Gli ultimi ad attaccare furono i Sabini: di carattere pugnace, meglio organizzati sul piano militare e dotati di indubbie capacità strategiche, riuscirono a conquistare il Campidoglio, grazie soprattutto al tradimento di Tarpea.

In verità questa figura mitologica nulla incarna dello spirito dell’8 marzo, ma la sua condotta così poco edificante contribuirà senza volerlo a magnificare la risolutezza delle donne sabine e sarà ampiamente riscattata dalla loro nobiltà d’animo.

Tarpea era un vergine vestale, figlia del comandante della rocca. In cambio di alcune armille, i preziosi bracciali d’oro che i Sabini portavano all’avambraccio sinistro, accettò di aprire al nemico una porta della cittadella fortificata. Non poté in ogni caso godere del frutto della sua corruzione perché gli invasori, condotti dal re Tito Tazio, la travolsero gettandole addosso, oltre ai monili pattuiti, i loro scudi, uccidendola in un drammatico contrappasso sotto il peso degli oggetti con cui l’avevano ricoperta.

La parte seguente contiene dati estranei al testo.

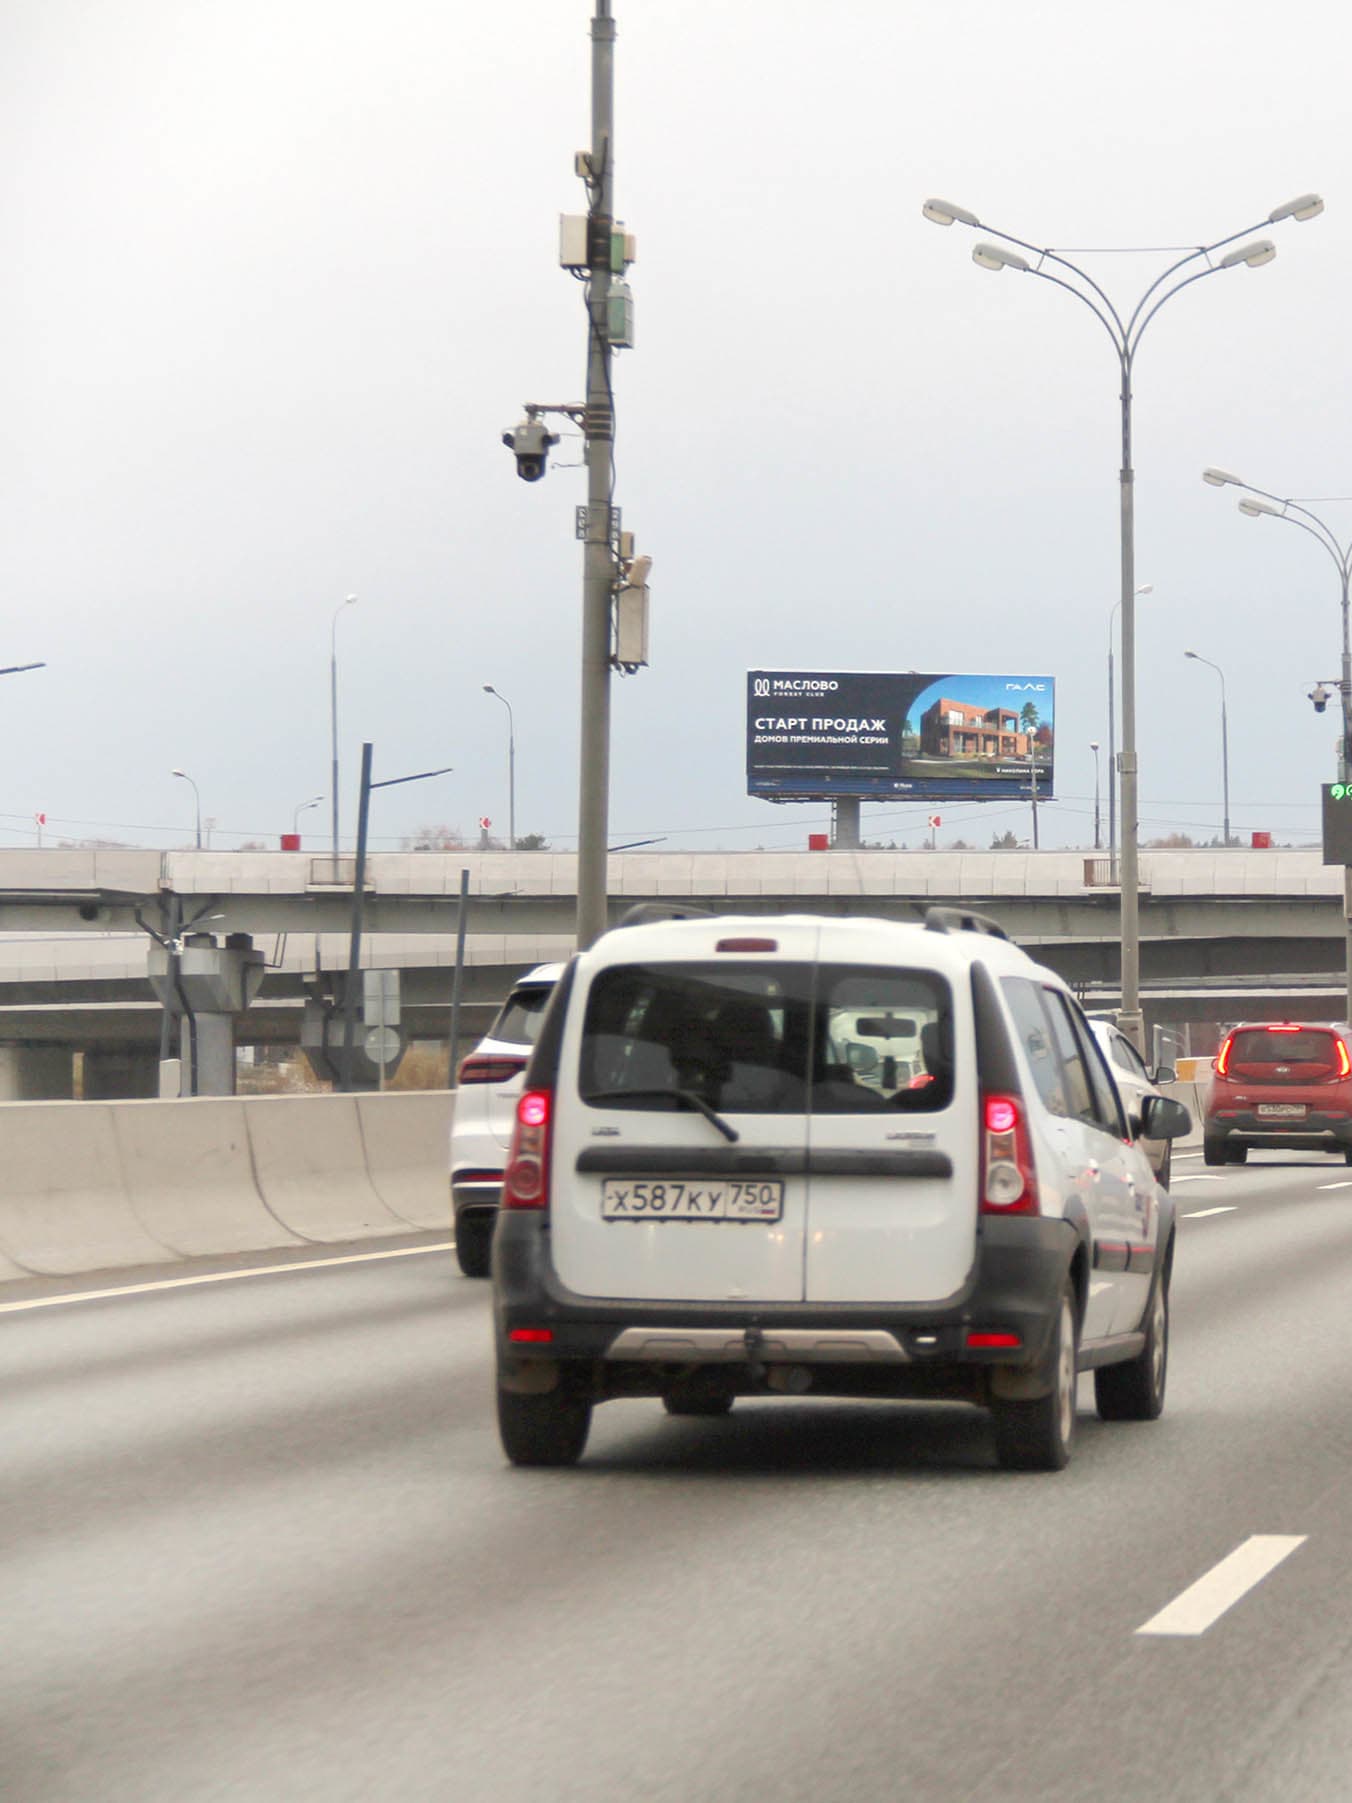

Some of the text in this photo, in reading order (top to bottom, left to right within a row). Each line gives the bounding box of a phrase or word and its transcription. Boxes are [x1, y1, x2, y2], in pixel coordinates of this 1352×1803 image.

[773, 680, 839, 690] МАСЛОВО
[755, 718, 886, 733] СТАРТ ПРОДАЖ
[754, 735, 889, 744] ДОМОВ ПРЕМИАЛЬНОЙ СЕРИИ
[731, 1184, 773, 1205] 750
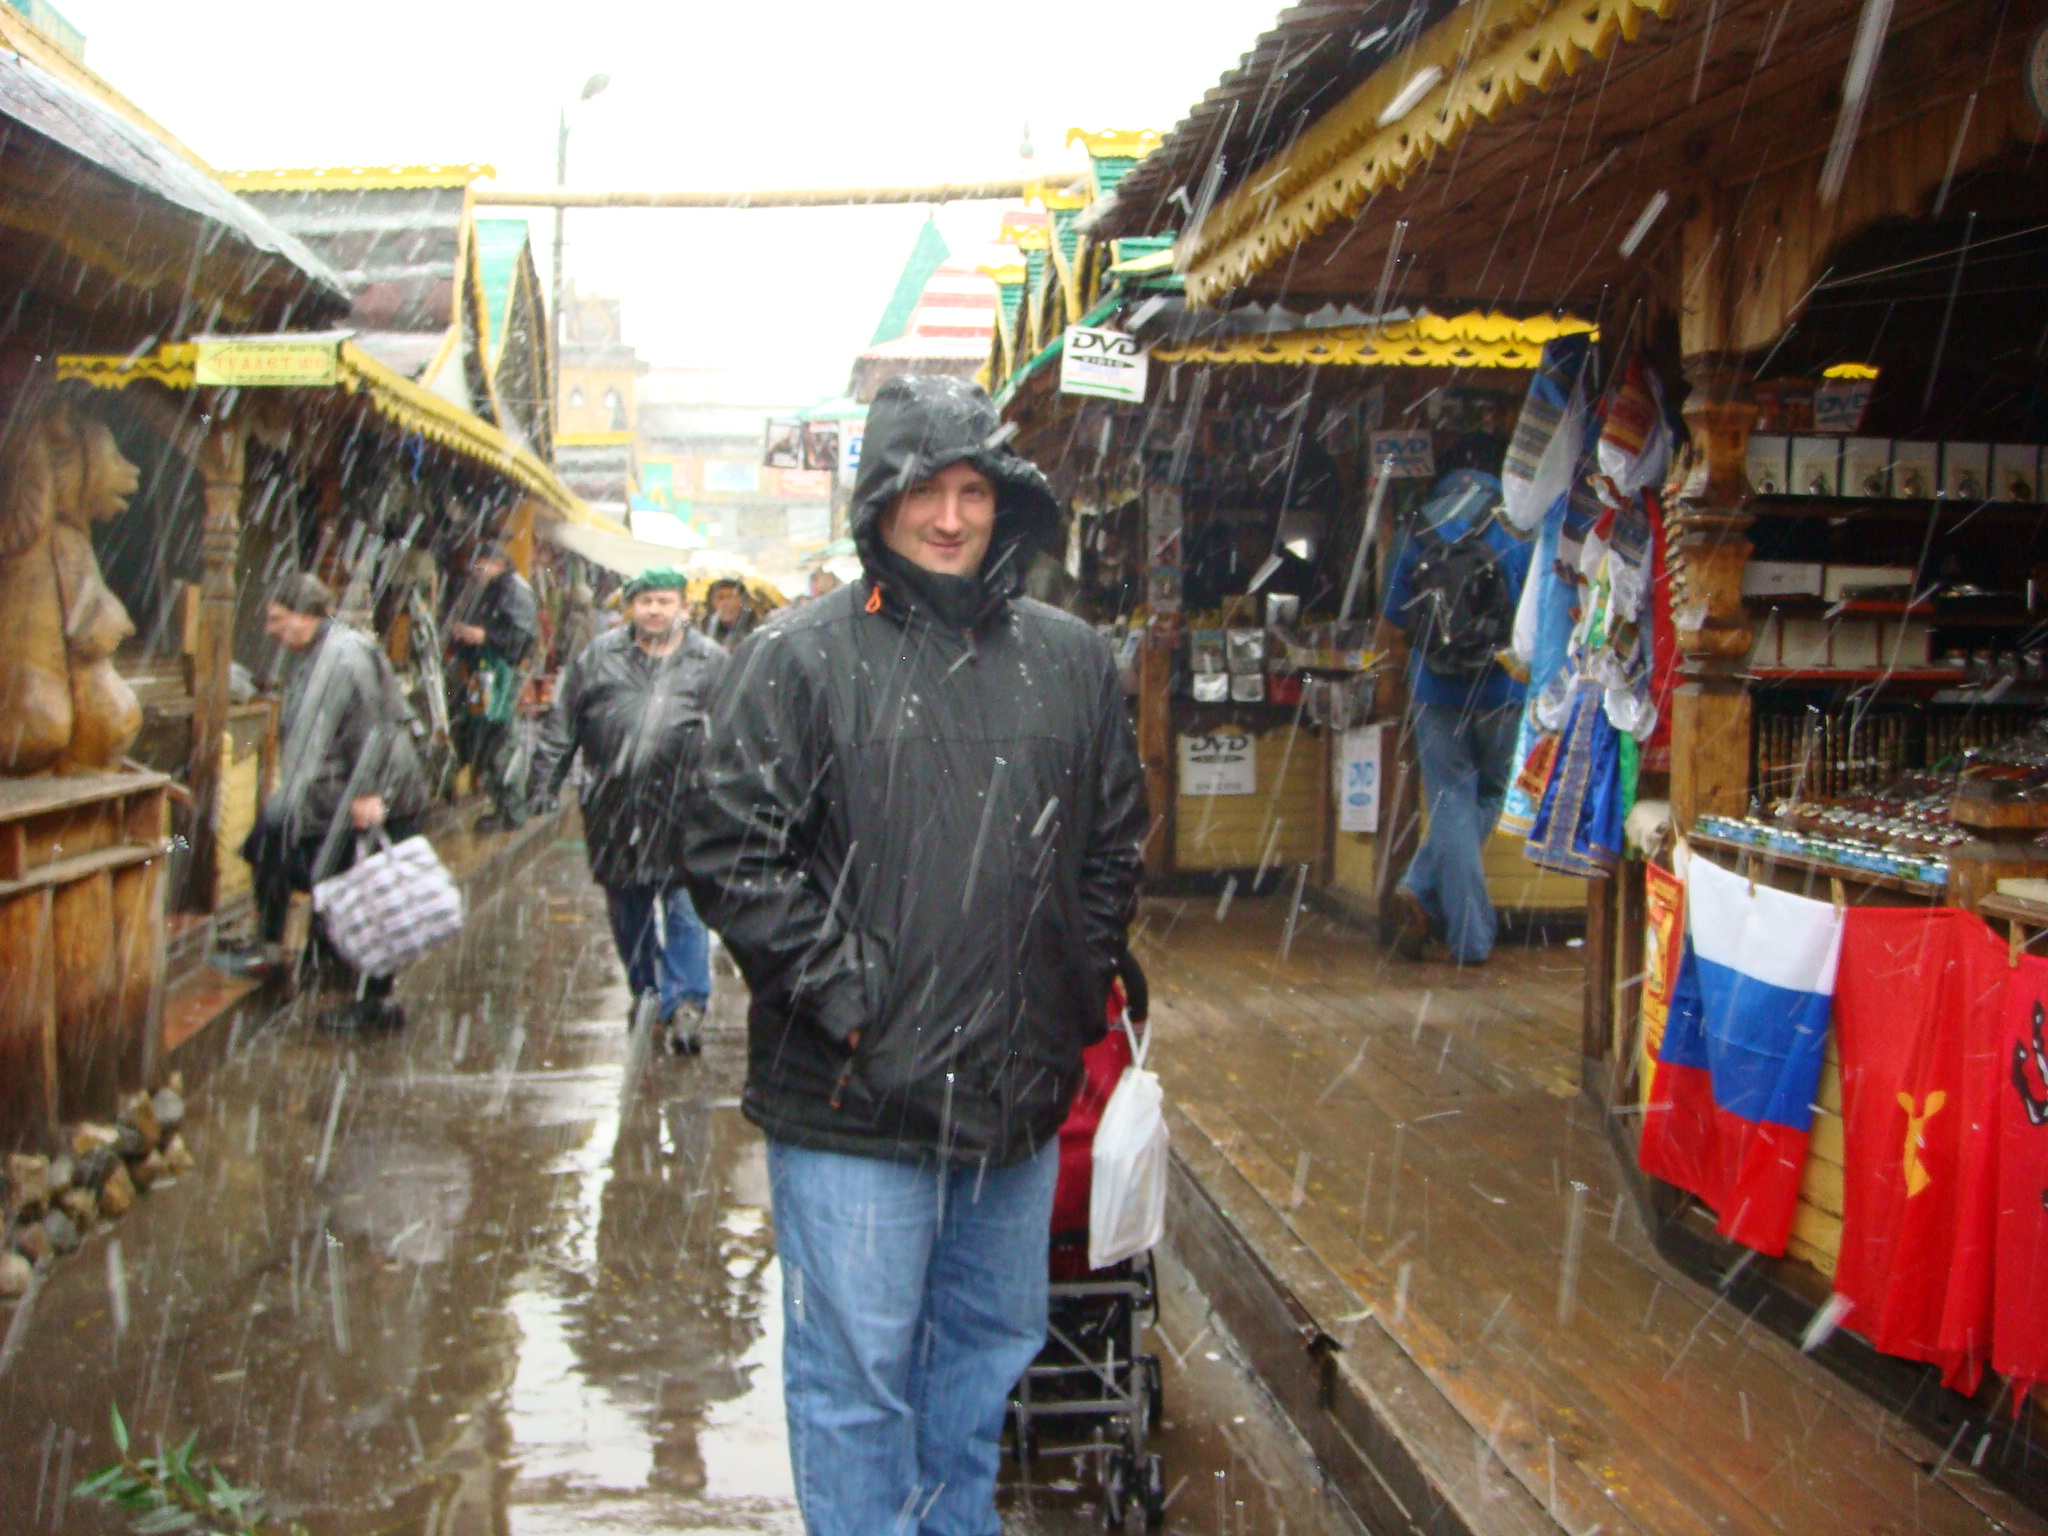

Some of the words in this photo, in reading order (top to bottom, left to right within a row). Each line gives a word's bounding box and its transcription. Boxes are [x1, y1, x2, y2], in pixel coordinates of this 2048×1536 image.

[1072, 331, 1140, 356] DVD
[1375, 438, 1428, 455] DVD
[1190, 735, 1248, 752] DVD

Una volta conquistato il cuore della città, i Sabini impegnarono i Romani in un durissimo scontro passato alla storia come la battaglia del lago Curzio. I due eserciti si schierarono ai piedi dei colli Palatino e Campidoglio, nel luogo dove poi sarebbe sorto il Foro. Il Curzio in realtà non era un vero e proprio lago, ma un ristagno di acqua fangosa causato dalle forti piogge. Il nome va fatto risalire al focoso comandante sabino Mezio Curzio che, preso dall’impeto dello scontro, per poco non finì inghiottito dalla melma insieme al suo cavallo.

Nel corso del combattimento lo stesso Romolo rimase ferito da un pietra, mentre l’esito sembrava volgere a favore dei Sabini. A quel punto intervennero le donne che, come ci ricorda Tito Livio, si gettarono tra gli opposti schieramenti sotto una gragnuola di proiettili, supplicando da una parte i mariti (Romani) e dall’altra i padri e i fratelli (Sabini) di evitare uno spargimento di sangue tra uomini che erano ormai diventati parenti.

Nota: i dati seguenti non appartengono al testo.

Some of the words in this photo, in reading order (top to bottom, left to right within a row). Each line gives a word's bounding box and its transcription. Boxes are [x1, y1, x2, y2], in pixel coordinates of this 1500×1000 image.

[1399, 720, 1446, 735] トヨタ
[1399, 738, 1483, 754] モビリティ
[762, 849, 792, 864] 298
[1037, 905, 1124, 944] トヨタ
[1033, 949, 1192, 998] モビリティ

Con l’interposizione dei loro corpi, le coraggiose sabine misero fine alla battaglia. Colpiti da quel gesto, i belligeranti accettarono di stipulare un trattato di pace che sancì anche l’unificazione dei due popoli. La capitale venne stabilita a Roma, mentre i Romani, in onore dei nuovi alleati, presero il nome di Quiriti dalla città di Cures.

Come proseguì la storia è risaputo. La Festa della Donna costituisce quindi una buona occasione per fermarne un fotogramma e tributare il giusto omaggio a quelle che per amore della pace e della famiglia (d’origine e acquisita) seppero mettere a repentaglio la loro stessa incolumità pur di fermare la più orrenda delle stragi.